Bombaların patladığı, geniş güvenlik önlemlerinin alındığı, kayıtlı 18 kayıt dışı 20 milyon olan İstanbul’dan, havaalanında 3-5 polisi olan, x-ray cihazlarından bihaber, Türk kafilesinin sessizliğini bozduğu, 2 milyon gibi komik bir nüfusu olan, yeşiliyle gönlümüze taht kuran Letonya’nın başkenti Riga’ya ayak bastık.
Festival boyunca konaklayacağımız yurda giderken, sapsarı insanları olan yemyeşil ülkenin doğasını izledik. Doğalarını tertemiz tutmayı başaran Leton halkı bisikletleriyle yolculuk ediyorlardı.
Turiba adlı özel üniversitenin kampüsünde bulunan yurda gittik. Kampüste belli bir alan dışında sigara içmek yasaktı. O alan dışında sigara içenlerin cezası 100 euroydu.
Festivalimiz başlamış, farklı ülkelerden gelenlerle hasbihal ederken birbirinden düzenli sahneleriyle son derece organize olunmuş bir etkinliğin içinde bulduk kendimizi. Dini ayine benzeyen açılış seramonisinden sonra ateşler yakıldı ve festival resmi olarak başladı.

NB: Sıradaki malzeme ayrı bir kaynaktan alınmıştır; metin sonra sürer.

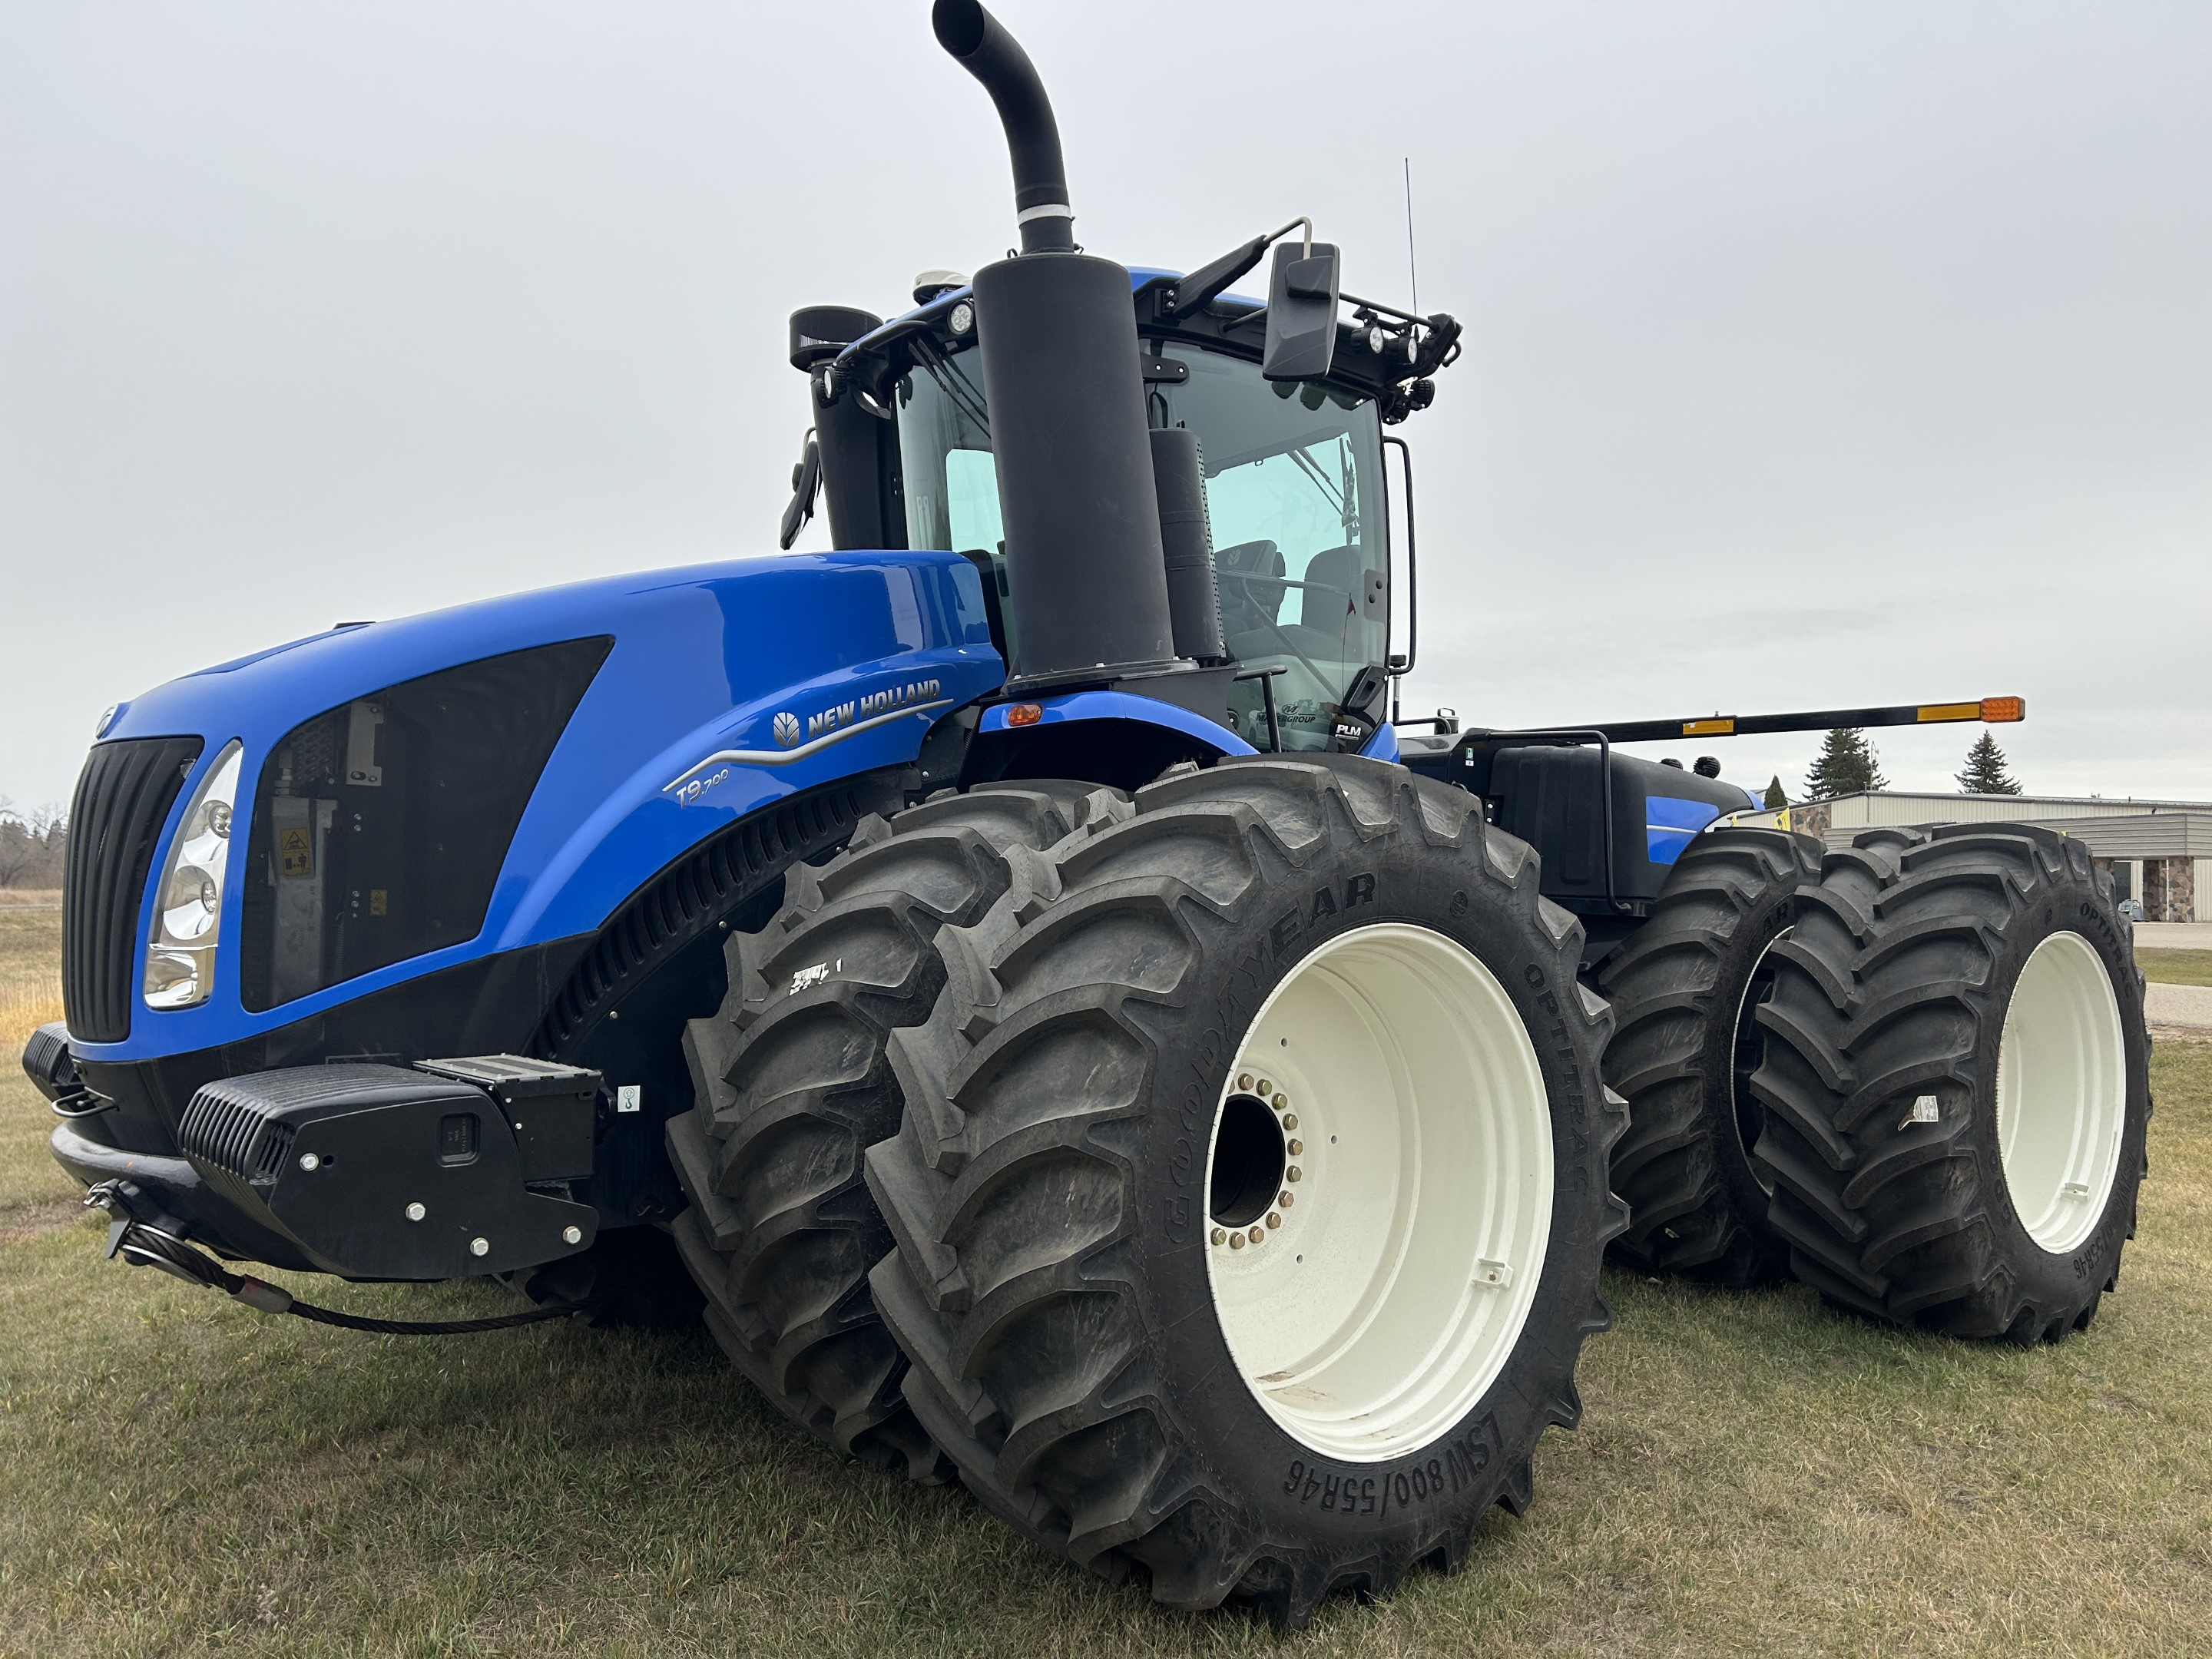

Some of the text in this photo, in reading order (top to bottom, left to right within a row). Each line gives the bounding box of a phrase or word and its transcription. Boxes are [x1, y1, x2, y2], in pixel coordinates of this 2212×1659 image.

[808, 679, 941, 739] NEW HOLLAND
[1256, 714, 1316, 724] MERGROUP
[1336, 724, 1362, 737] PLM
[676, 768, 729, 809] T9.700
[1524, 962, 1588, 1196] OPTITRAC

Bol bol patates,tavuk ve salatalık yediğimiz Riga’da açlık sıkıntısı çekmedik. Damak tadımıza yakın yemekleri ne öldürdü ne de güldürdü ama doyurdu. Özellikle salatalık dikkatimizi çekti. Bizim köyde bahçeden topladığımız bostandan olan salatalık hem taze hem lezzetliydi. Sanırım nüfus azlığından dolayı ürettikleri doğal yiyecekleri tüketiyorlar.
Yerel halkla yaptığım söyleşi sonucunda şu bilgileri aldım; ham odun, işlenmiş tahta veya tahta eşyalar ihraç ediyorlarmış. Balık ürünleri meşhurmuş ve ihraç ettikleri ürünler arasındaymış. Yaz ayları böğürtlen, ahududu gibi ürünler çok oluyormuş. Biz de sokaklarda bardağa doldurup satan yerel halk görmüştük.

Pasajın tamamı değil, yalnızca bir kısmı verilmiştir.